Farmer:  We have a 36-hour competition.  So we get to someone’s house and we do this all at someone’s house.   And each of us are really good at specific things.  Like Susan’s good at statistics and Eric’s good at coming up with problems and she’s good at research.

Farmer said his strength is critiquing.  Ironically, one of the cities threatened by a tsunami in their problem was Hilo, Hawaii.

Farmer:  And, specifically an earthquake off of Chile and then that recently happened, so it was kind of surprising and it was interesting if it would follow our model closely.

Ogle:  Did it?

Ballentine:  Well, the way that our model actually measured devastation, which is what we were instructed to do, is we measured by the number of people displaced, which could either mean by out of their houses or dead or injured or that sort of thing. So  I don’t think there’s been, like enough accurate numbers yet on how many people have actually been affected so there’s no way really yet to tell.

Susan Ballentine and the others were energized, she said, by the competition and all of them plan careers in mathematics.

Ballentine:  I plan to pursue a career in Applied Math so this is sort of an intro to like workin gtogether as a team to sort of model a real world situation which is basically what I would be doing.

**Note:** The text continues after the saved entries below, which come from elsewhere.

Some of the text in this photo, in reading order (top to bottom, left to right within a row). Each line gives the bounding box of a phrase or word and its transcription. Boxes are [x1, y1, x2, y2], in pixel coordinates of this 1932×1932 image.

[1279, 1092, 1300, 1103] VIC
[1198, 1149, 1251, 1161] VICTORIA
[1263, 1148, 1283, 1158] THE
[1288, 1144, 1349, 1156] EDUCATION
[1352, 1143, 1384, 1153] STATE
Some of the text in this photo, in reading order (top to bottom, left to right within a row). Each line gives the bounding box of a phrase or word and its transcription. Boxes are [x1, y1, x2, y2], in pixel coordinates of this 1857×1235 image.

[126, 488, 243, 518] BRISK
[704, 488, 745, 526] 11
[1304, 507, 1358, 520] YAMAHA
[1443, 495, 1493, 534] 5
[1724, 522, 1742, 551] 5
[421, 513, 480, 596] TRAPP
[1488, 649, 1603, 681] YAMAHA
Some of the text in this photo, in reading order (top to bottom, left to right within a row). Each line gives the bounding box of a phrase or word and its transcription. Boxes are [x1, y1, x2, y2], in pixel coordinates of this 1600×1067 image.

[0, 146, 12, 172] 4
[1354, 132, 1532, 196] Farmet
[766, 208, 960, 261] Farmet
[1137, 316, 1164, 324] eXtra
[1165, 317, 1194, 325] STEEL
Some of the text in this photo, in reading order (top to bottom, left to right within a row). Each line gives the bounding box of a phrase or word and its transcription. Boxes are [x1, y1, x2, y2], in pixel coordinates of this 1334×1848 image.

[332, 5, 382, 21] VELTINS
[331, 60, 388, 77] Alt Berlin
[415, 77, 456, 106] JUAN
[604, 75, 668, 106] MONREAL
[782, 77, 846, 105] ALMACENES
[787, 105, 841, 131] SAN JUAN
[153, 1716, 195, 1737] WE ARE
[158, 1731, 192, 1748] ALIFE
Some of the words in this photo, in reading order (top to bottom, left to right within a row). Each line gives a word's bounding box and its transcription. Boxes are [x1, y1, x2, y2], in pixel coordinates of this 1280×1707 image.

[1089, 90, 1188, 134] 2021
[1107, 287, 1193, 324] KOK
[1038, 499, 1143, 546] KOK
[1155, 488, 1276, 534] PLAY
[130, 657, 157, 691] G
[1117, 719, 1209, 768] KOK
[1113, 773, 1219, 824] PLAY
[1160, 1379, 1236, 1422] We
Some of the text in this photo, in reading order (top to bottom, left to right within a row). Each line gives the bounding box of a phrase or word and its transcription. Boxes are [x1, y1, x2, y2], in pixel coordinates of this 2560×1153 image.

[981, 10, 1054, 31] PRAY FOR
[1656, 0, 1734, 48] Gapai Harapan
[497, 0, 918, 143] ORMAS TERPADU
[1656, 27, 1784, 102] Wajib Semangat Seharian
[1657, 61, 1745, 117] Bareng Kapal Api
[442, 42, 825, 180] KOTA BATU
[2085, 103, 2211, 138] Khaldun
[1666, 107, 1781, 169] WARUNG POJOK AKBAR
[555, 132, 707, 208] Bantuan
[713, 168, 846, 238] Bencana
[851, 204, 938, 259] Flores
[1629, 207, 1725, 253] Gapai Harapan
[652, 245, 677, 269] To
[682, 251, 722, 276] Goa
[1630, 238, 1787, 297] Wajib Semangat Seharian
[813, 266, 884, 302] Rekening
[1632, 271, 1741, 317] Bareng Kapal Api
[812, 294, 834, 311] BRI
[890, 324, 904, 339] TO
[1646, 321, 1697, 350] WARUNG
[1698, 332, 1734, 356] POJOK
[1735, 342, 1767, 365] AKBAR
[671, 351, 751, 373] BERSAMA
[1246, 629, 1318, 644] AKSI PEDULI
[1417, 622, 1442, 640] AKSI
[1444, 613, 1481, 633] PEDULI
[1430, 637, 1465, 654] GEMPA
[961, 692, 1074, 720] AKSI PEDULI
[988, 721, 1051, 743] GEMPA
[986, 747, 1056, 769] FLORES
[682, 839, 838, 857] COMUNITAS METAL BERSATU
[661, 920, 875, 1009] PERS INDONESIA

Farmer:  Math modeling is used anywhere and everywhere so I want to go into medical and probably medical research and so I’m definitely going to be using math modeling, even in the lab or anywhere.

Tyler:  As for me, I want to go into medicine as well.  I’m not sure entirely where in medicine.  But most everywhere medicine’s going to use math to some degree.

Student: I’m interesting in business and banking and finance, so they use mathematical models to predict part of the stock market, etc. and see where their stock would go and seewhere values would go.

..and Ashish Makaia explained that while all four team members had been involved with math in their four years at Maggie Walker.

Makaia: It’s different to have a whole entire class situated around it.  I mean, we’ve done small projects on applying math to the real world but never a whole class.

The entire world wide Math Modeling competition takes place in cyberspace.

Makaia:  For this competition there wasn’t a specific destination we had to go to to receive our awards, to receive the problem or anything.  It was all done online.  We received all the information online and registered online, we received our awards, plaque and T-shirts are coming through the mail.

A total of 277 teams from 47 schools competed.  Two other Maggie Walker teams won Regional Outstanding recognition also ranking in the top 8% worldwide, and four teams from the Governor’s school received meritorious recognition, placing them in the top 30%. A math modeling team from Mills Godwin High School was also among the National Outstanding winners and another also placed regionally.